AIM OF THE EXERCISE: Here the job is to transcribe the data exactly while omitting the images.

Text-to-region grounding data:
──────────
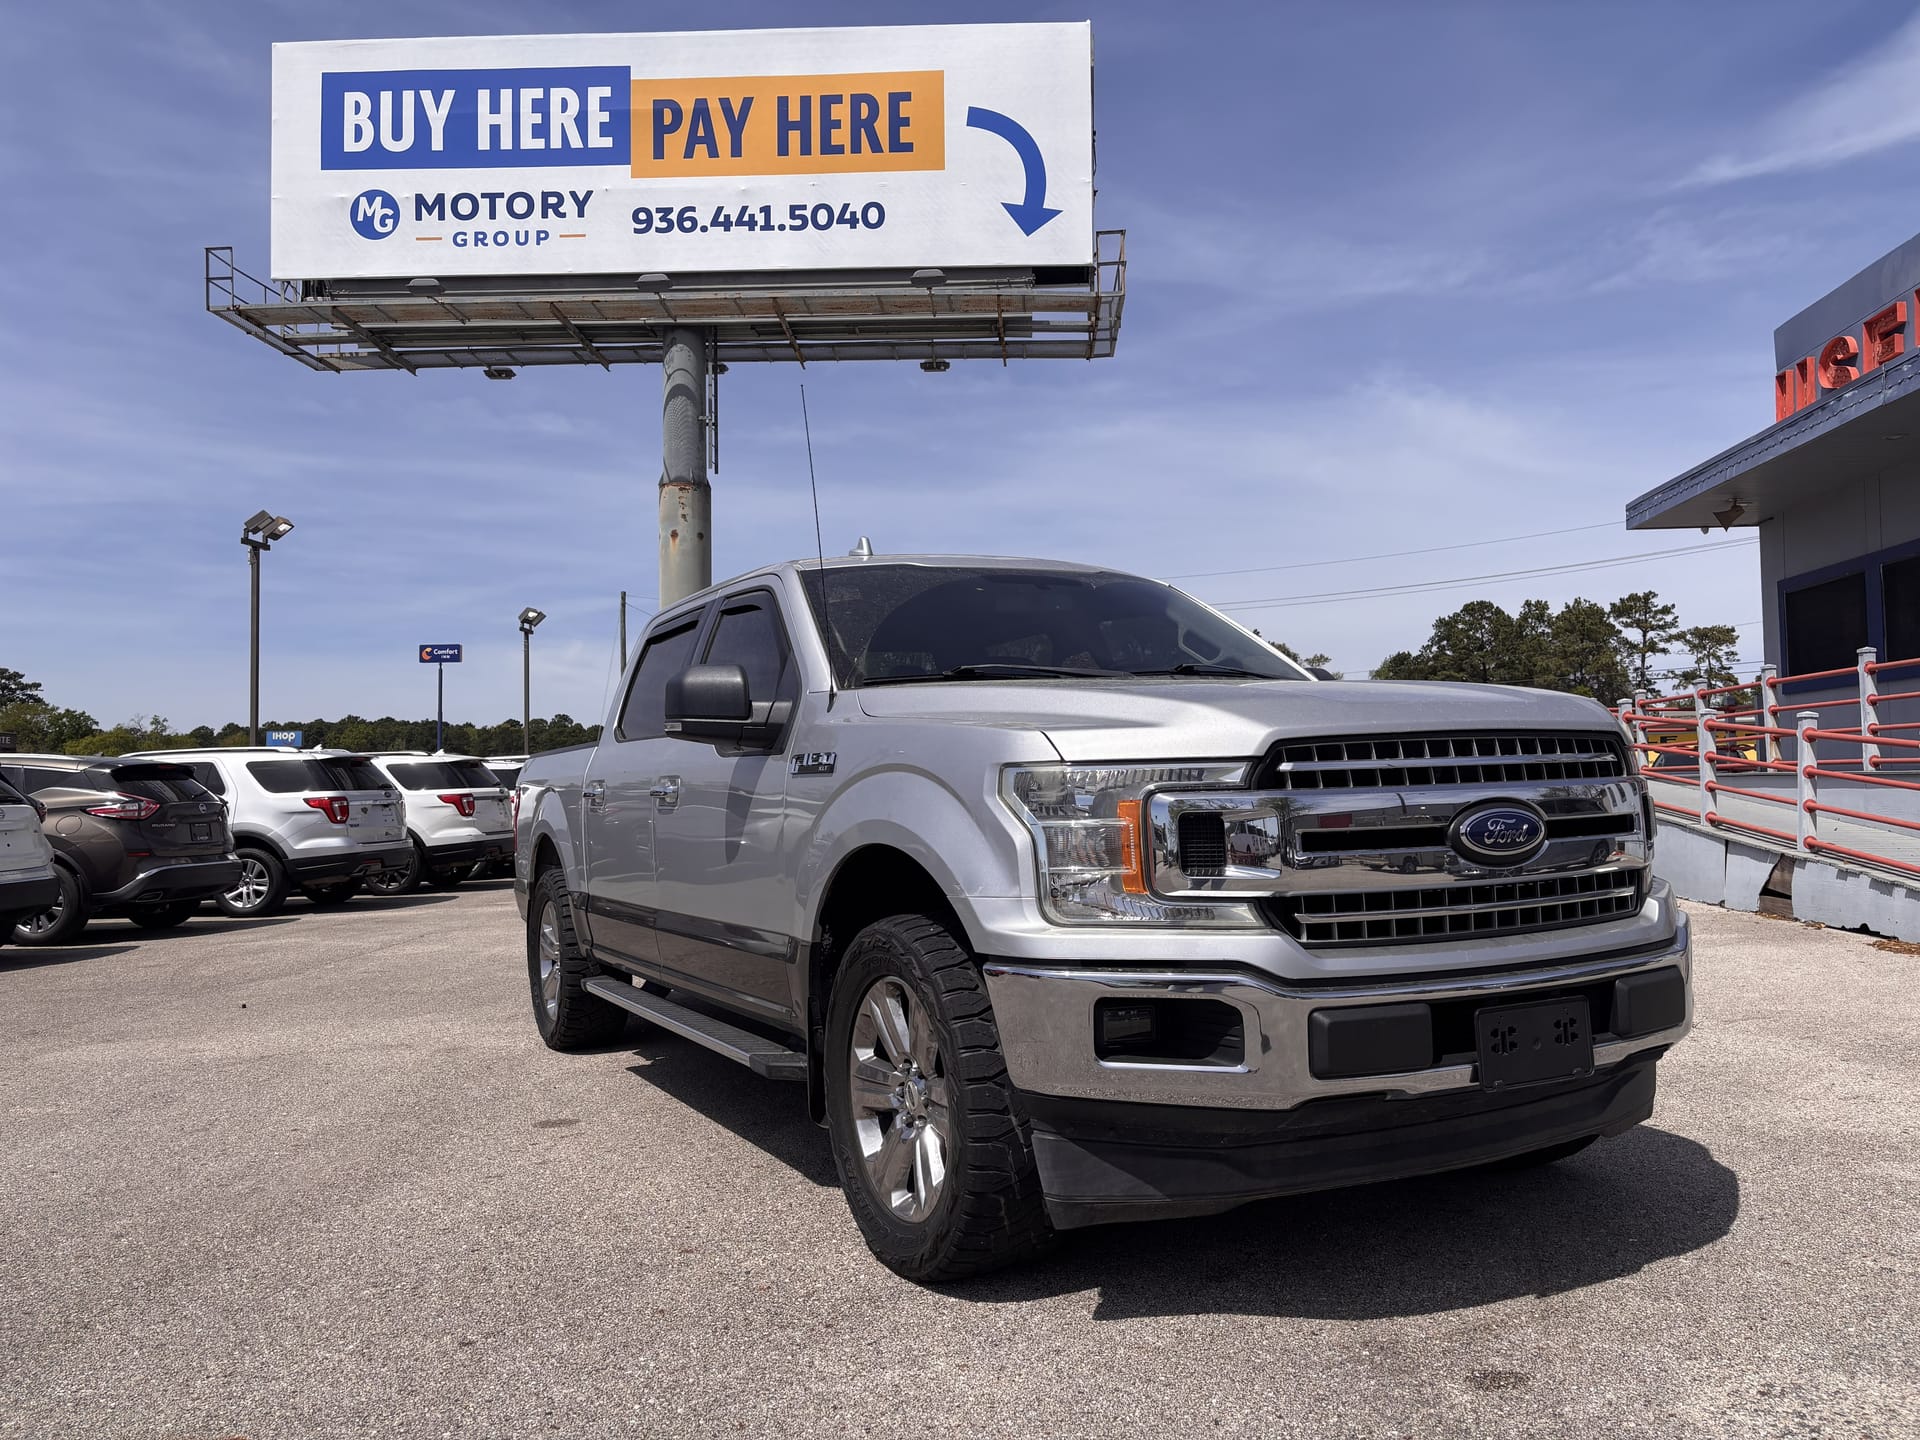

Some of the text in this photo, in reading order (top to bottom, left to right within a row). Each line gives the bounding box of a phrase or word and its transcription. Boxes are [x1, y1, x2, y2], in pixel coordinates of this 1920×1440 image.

[343, 86, 614, 153] BUY HERE
[652, 91, 914, 160] PAY HERE
[357, 196, 394, 233] MG
[415, 189, 594, 222] MOTORY
[632, 201, 886, 235] 936.441.5040
[452, 230, 550, 248] GROUP
[1775, 288, 1920, 424] USE
[1484, 818, 1529, 845] Ford
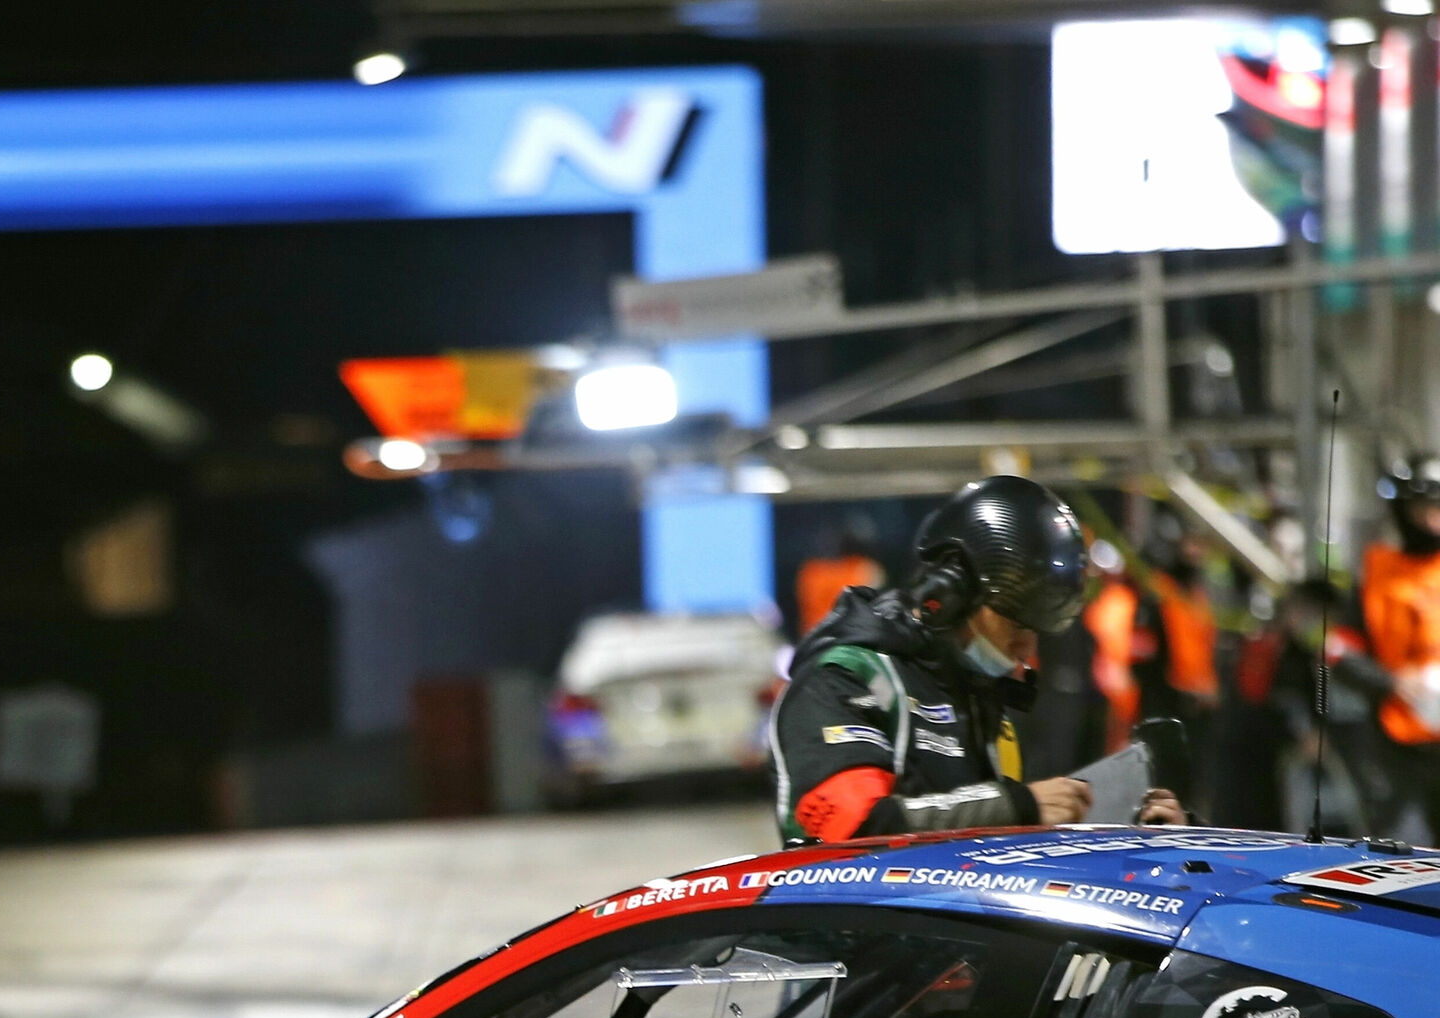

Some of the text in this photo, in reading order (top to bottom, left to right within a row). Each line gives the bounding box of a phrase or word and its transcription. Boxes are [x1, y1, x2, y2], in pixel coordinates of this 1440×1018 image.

[767, 866, 877, 888] GOUNON
[911, 867, 1038, 894] SCHRAMM
[626, 876, 729, 910] BERETTA
[1069, 883, 1184, 915] STIPPLER
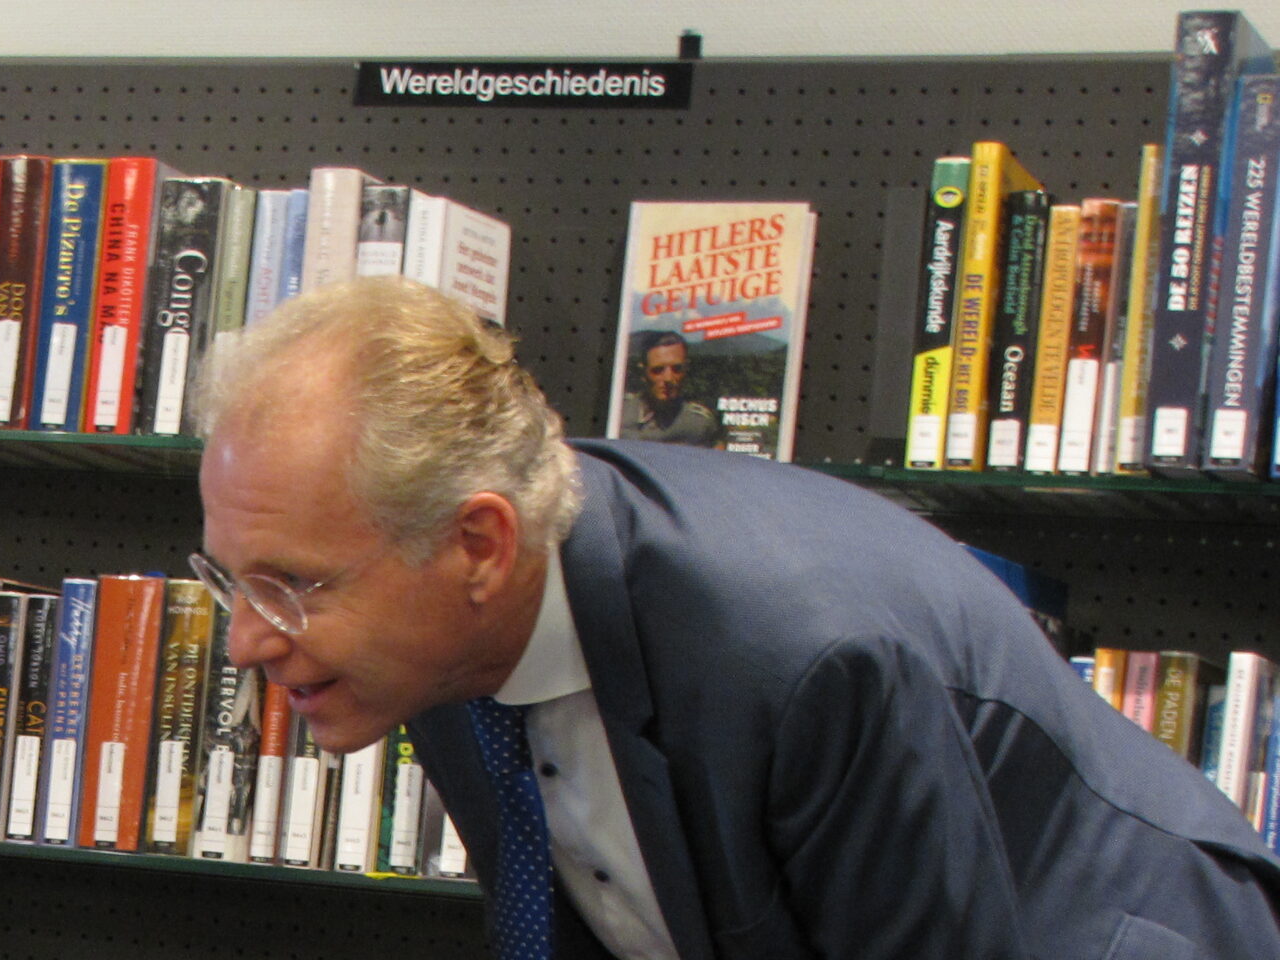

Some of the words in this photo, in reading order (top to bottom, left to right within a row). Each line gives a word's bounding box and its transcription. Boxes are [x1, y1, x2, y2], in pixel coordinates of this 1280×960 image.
──────────
OUTPUT:
Some of the text in this photo, in reading order (top to bottom, left to right within a row). Each line gives the bounding box of a phrase or word and its transcription. Boxes are [x1, y1, x2, y2], in pixel coordinates of this 1920×1440 image.

[343, 86, 614, 153] BUY HERE
[652, 91, 914, 160] PAY HERE
[357, 196, 394, 233] MG
[415, 189, 594, 222] MOTORY
[632, 201, 886, 235] 936.441.5040
[452, 230, 550, 248] GROUP
[1775, 288, 1920, 424] USE
[1484, 818, 1529, 845] Ford

Some of the text in this photo, in reading order (top to bottom, left to right within a row). Each line gives the bounding box of a phrase or word and its transcription. Boxes are [x1, y1, x2, y2], in pixel coordinates of this 1440×1018 image.

[767, 866, 877, 888] GOUNON
[911, 867, 1038, 894] SCHRAMM
[626, 876, 729, 910] BERETTA
[1069, 883, 1184, 915] STIPPLER

Some of the words in this photo, in reading order (top to bottom, left to right within a row). Each line gives a word's bounding box and its transcription. Boxes are [x1, y1, x2, y2], in pixel coordinates of this 1280×960 image.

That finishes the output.